TASK DESCRIPTION - The entries below are to be given back exactly, with images excluded.

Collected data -
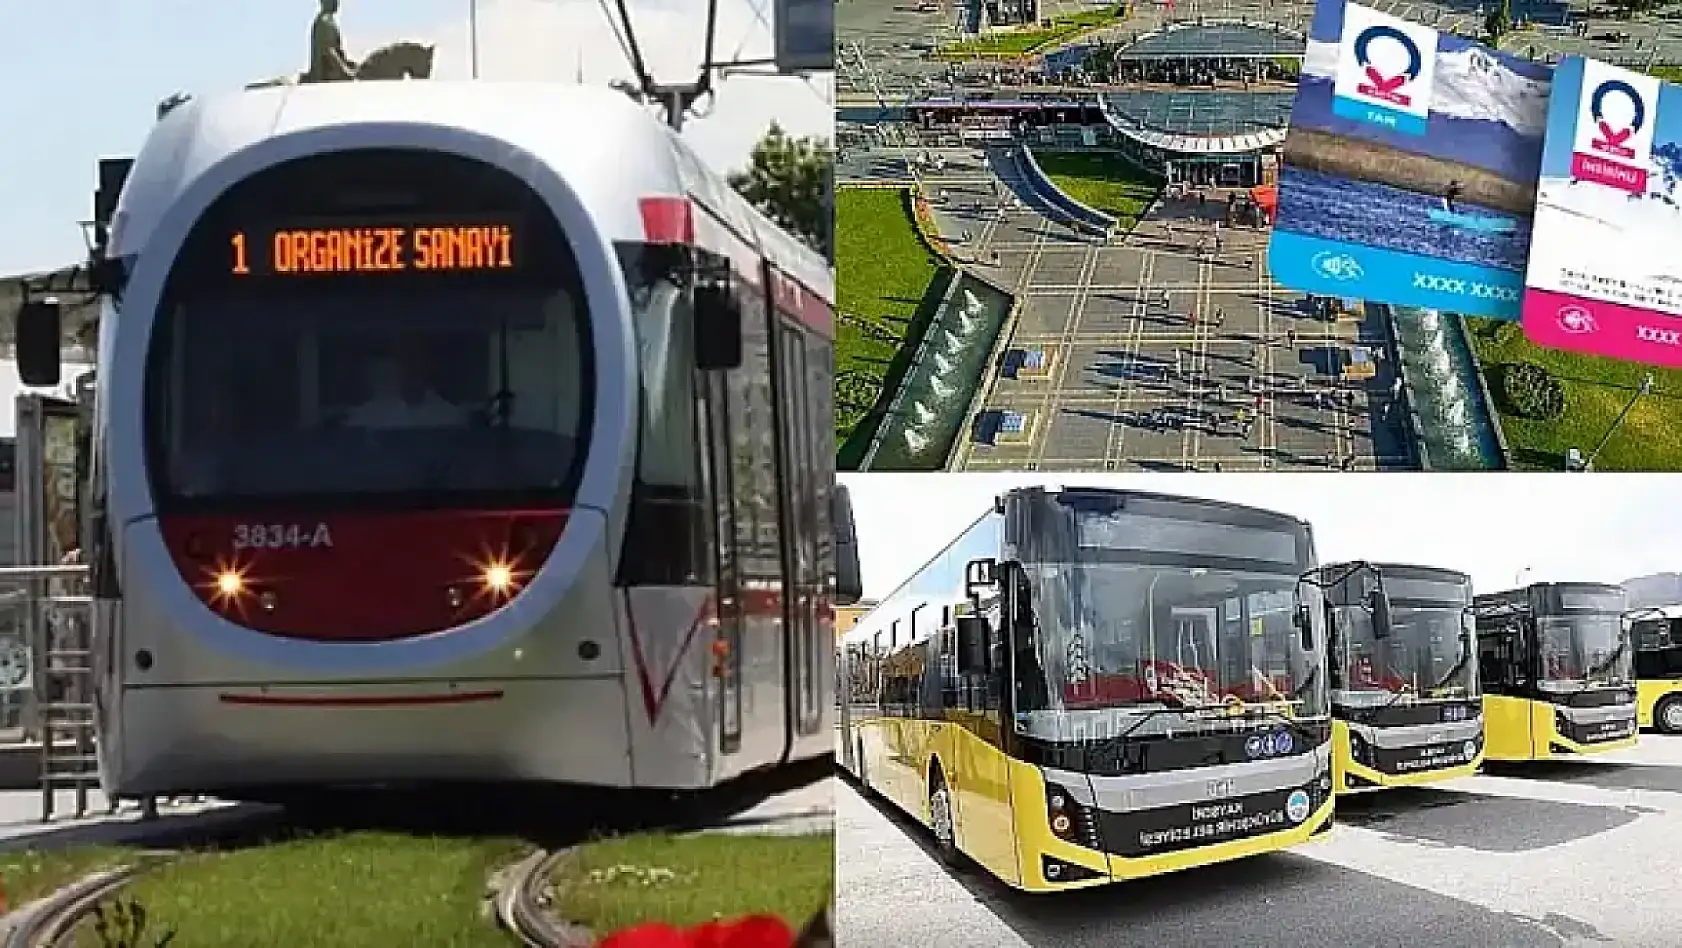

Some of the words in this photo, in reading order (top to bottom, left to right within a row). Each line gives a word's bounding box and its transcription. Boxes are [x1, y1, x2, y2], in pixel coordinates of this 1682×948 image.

[231, 232, 249, 273] 1
[274, 228, 406, 272] ORGANİZE
[414, 225, 513, 268] SANAYİ
[1413, 271, 1466, 295] XXXX
[234, 522, 334, 549] 3834-A

ANSWER TO THE PROBLEM -
Some of the words in this photo, in reading order (top to bottom, left to right within a row). Each line gives a word's bounding box and its transcription. Boxes are [x1, y1, x2, y2], in pixel coordinates of this 1682×948 image.

[231, 232, 249, 273] 1
[274, 228, 406, 272] ORGANİZE
[414, 225, 513, 268] SANAYİ
[1413, 271, 1466, 295] XXXX
[234, 522, 334, 549] 3834-A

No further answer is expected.